Apesar das restrições de Tourinho ao carro à álcool, o governo federal quer fomentar a produção desse modelo de veículo e está apoiando todas as iniciativas dos Estados nesse sentido. Entre elas está a isenção sobre o IPVA, até o ano 2000 para os veículos à álcool licenciados em São Paulo, decretada pelo governador Mário Covas (PSDB). No entanto, o corte ao subsídio do álcool hidratado, determinado pelo governo, provocou reação imediata dos usineiros que aumentaram em 50% o preço do produto ao consumidor.

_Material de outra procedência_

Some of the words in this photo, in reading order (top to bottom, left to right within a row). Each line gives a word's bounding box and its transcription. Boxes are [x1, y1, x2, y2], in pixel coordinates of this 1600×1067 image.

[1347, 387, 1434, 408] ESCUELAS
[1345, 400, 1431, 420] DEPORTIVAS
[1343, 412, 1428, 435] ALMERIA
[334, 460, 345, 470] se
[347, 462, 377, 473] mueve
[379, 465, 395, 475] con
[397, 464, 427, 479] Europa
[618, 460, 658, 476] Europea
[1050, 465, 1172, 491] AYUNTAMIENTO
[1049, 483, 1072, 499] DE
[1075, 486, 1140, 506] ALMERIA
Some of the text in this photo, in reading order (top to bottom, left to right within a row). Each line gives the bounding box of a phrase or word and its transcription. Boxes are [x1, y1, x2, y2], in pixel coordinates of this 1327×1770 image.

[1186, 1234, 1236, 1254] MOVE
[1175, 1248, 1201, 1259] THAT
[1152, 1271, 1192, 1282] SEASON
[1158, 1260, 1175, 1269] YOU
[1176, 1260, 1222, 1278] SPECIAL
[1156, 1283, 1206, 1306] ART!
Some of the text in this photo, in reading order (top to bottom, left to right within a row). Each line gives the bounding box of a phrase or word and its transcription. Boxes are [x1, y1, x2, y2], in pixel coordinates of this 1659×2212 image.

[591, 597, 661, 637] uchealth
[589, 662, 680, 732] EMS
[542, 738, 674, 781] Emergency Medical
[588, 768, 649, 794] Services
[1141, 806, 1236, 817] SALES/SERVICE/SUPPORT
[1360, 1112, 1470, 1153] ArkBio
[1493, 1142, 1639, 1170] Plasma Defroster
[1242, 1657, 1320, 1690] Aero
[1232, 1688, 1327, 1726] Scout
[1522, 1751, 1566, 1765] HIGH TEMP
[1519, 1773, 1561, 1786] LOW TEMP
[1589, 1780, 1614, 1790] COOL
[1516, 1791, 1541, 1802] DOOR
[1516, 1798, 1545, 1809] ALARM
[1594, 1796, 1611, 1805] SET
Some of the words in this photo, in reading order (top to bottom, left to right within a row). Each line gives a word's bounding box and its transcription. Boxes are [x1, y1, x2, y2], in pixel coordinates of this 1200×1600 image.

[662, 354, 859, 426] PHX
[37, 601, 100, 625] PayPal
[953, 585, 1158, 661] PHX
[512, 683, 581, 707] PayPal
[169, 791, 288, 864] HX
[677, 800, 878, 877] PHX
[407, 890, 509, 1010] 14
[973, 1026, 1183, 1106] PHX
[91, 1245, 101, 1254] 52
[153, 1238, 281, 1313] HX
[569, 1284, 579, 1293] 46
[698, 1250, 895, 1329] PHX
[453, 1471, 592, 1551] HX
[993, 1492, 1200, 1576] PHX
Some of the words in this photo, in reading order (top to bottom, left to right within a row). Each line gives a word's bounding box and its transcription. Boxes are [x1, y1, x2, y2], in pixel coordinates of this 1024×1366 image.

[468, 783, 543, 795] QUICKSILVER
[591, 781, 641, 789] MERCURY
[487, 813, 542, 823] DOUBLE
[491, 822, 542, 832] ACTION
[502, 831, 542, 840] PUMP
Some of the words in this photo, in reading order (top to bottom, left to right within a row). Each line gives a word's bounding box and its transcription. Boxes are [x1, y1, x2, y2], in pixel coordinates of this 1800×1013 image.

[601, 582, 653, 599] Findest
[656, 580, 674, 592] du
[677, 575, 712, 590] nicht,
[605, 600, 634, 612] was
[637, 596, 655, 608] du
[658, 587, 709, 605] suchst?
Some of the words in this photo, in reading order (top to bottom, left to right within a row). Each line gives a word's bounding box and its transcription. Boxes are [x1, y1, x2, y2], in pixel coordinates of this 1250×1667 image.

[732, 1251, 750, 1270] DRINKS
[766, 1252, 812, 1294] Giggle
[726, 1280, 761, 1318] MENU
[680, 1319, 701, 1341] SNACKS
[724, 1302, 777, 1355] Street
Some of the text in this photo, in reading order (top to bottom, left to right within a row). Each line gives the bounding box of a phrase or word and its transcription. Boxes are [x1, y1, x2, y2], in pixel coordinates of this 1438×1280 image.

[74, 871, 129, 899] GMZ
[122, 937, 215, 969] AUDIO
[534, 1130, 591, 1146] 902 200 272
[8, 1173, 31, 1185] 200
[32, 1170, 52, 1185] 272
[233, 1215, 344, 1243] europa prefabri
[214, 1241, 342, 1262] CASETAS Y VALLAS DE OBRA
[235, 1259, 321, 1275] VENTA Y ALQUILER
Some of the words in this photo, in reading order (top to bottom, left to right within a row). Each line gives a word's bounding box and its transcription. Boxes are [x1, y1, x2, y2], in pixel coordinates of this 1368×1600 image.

Tourinho disse ter se surpreendido com a audácia dos representantes de usineiros, na reunião de quarta-feira no Palácio dos Bandeirantes, com o governador Covas. Mandaram um documento com um plano de metas, segundo o qual a idéia é aumentar o preço do litro do álcool até chegar a R$ 0,93, disse o ministro, afirmando que o governo não vai permitir isso e usará todas as armas disponíveis, dos leilões de estoques à importação do produto. É preciso mudar a mentalidade dos empresários do setor para o carro à álcool voltar a ter credibilidade no Brasil.